-- Opening Marker --

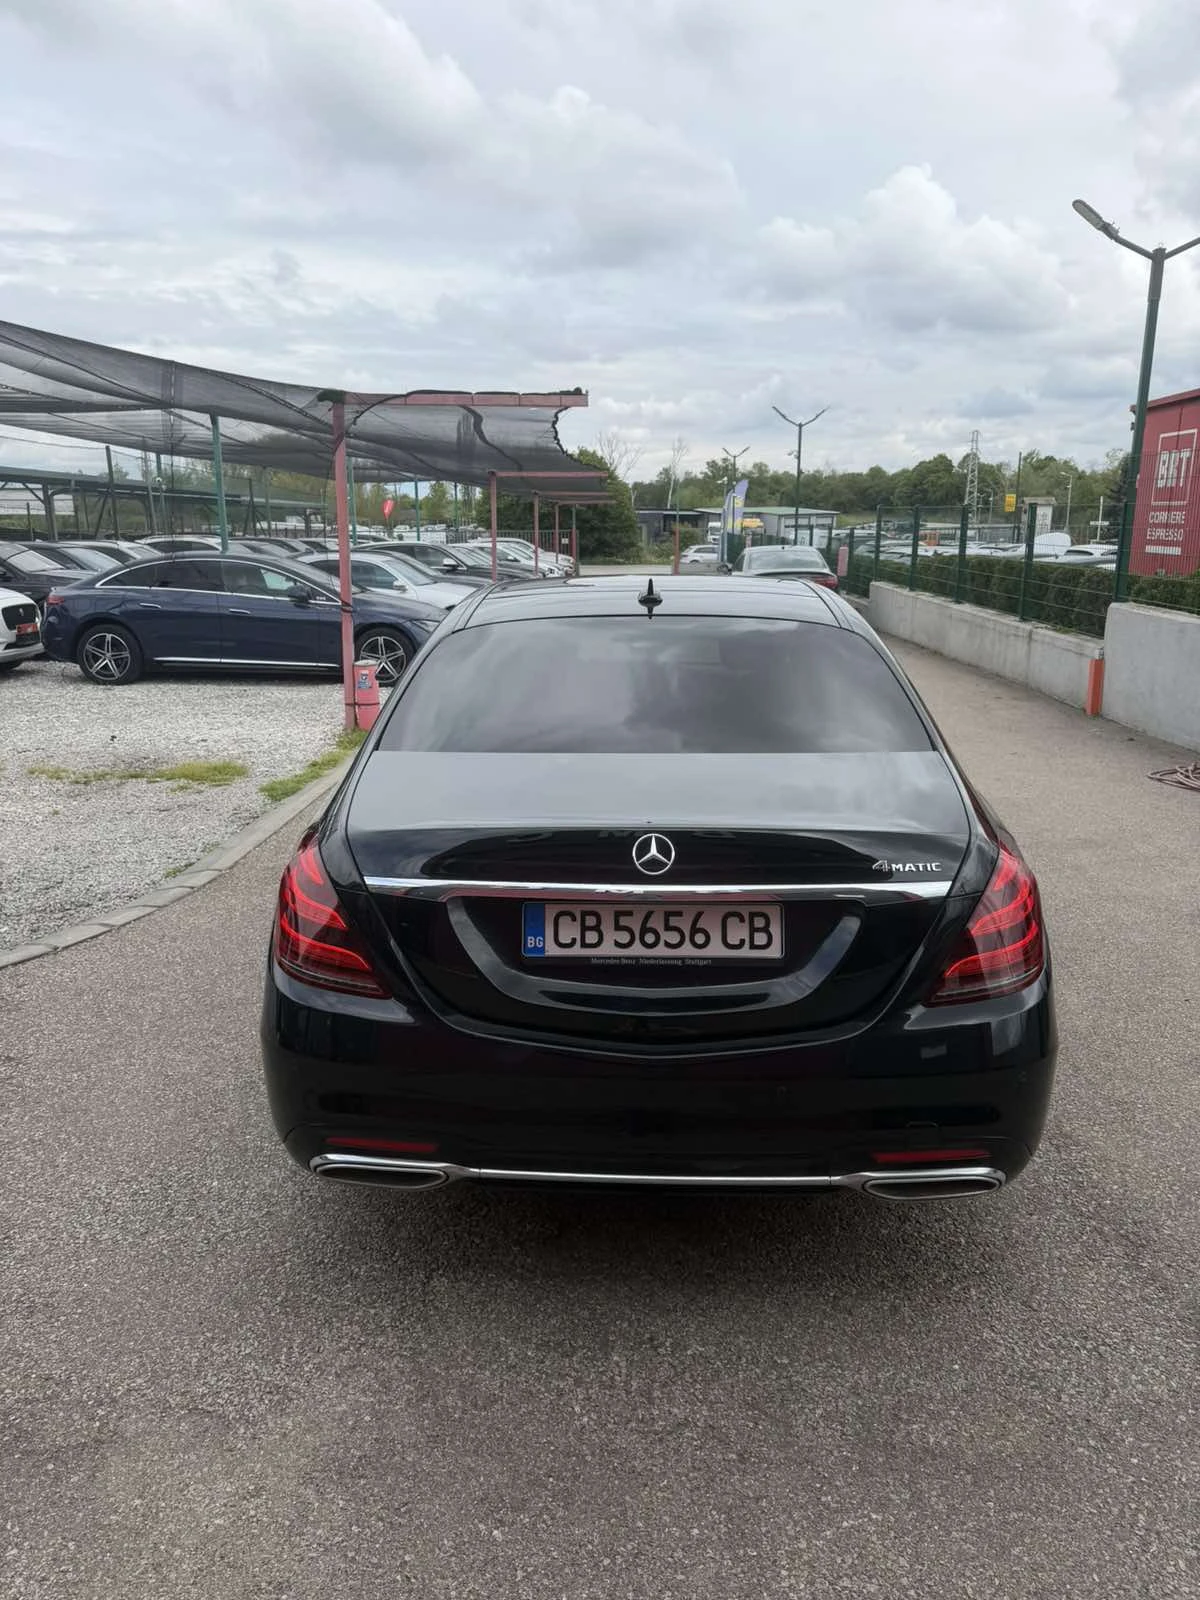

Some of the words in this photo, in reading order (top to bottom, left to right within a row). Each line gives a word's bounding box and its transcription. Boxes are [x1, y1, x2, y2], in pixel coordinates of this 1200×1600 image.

[1146, 528, 1184, 541] ESPRESSO
[872, 859, 942, 872] 4MATIC
[553, 910, 604, 949] CB
[613, 910, 711, 949] 5656
[721, 911, 773, 950] CB
[527, 936, 544, 948] BG
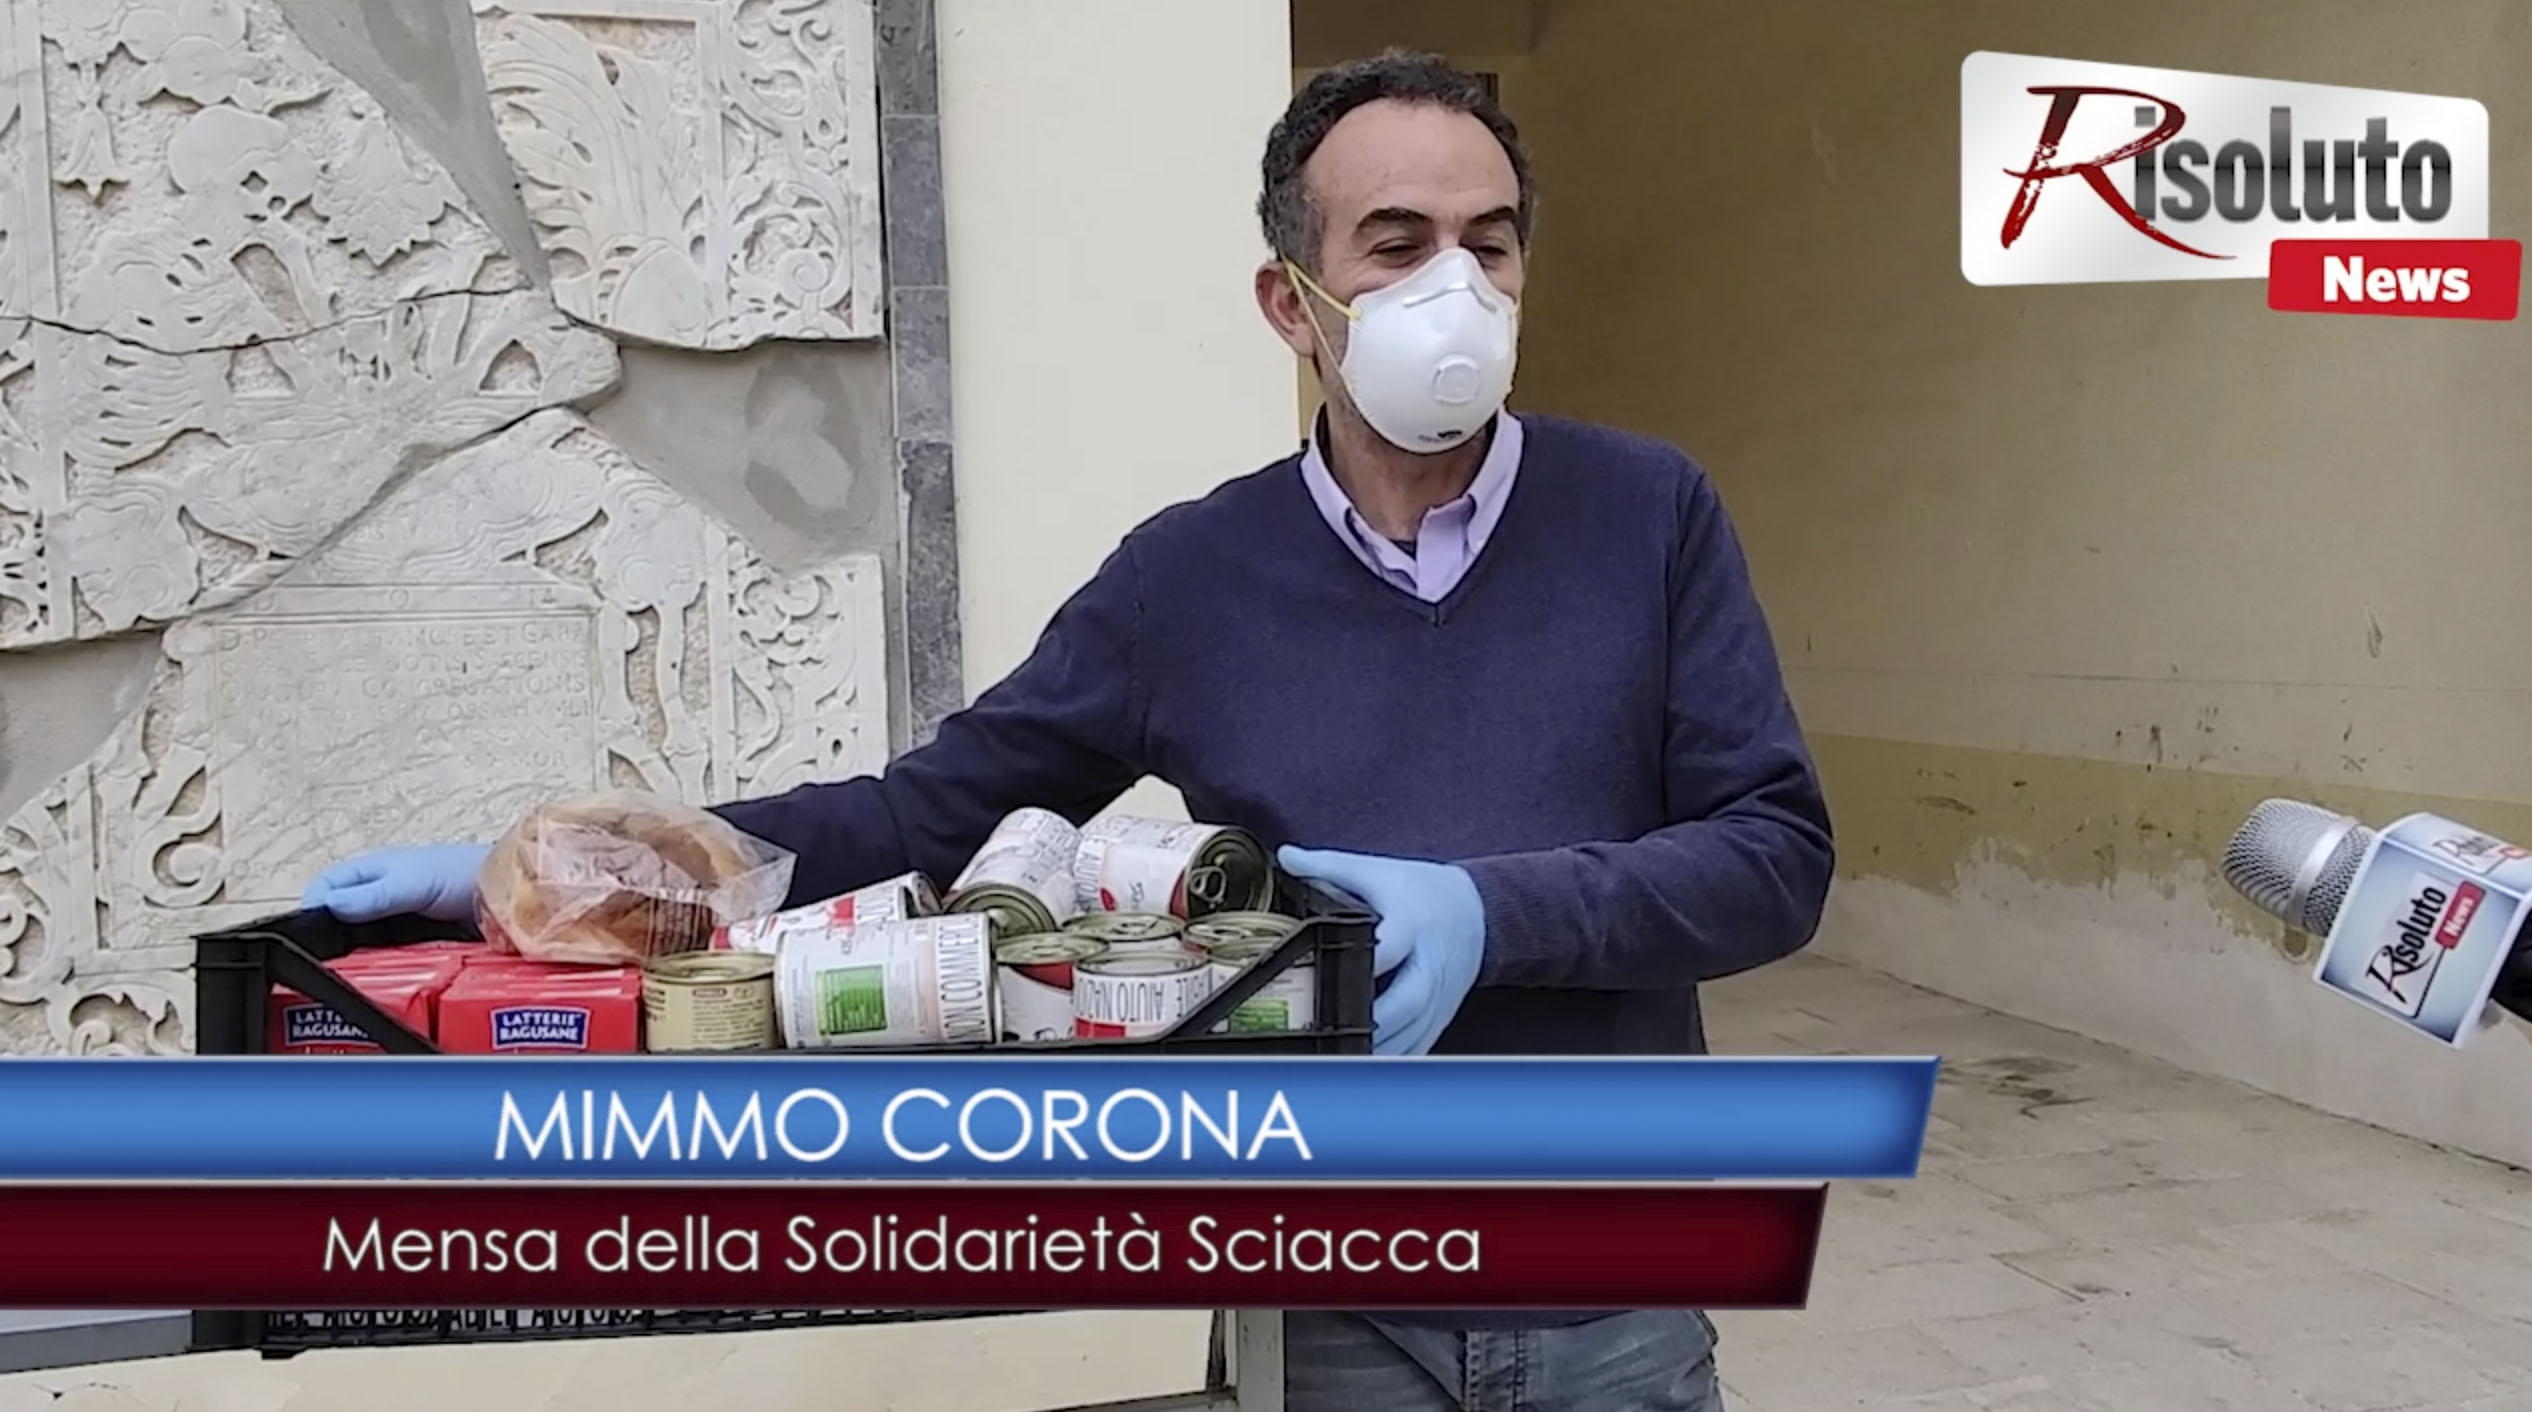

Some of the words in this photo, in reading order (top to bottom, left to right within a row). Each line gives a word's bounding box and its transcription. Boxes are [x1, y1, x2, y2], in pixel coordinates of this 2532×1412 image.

-- Closing Marker --

- **About this exercise**
Could you reproduce the entries verbatim, leaving out all pictures?

- **Result below**
Some of the words in this photo, in reading order (top to bottom, left to right within a row). Each line gives a word's bounding box and its transcription. Boxes are [x1, y1, x2, y2], in pixel coordinates of this 1200×1600 image.

[1146, 528, 1184, 541] ESPRESSO
[872, 859, 942, 872] 4MATIC
[553, 910, 604, 949] CB
[613, 910, 711, 949] 5656
[721, 911, 773, 950] CB
[527, 936, 544, 948] BG

Some of the words in this photo, in reading order (top to bottom, left to right within a row). Each line gives a word's bounding box and its transcription. Boxes are [x1, y1, x2, y2], in pixel coordinates of this 2532×1412 image.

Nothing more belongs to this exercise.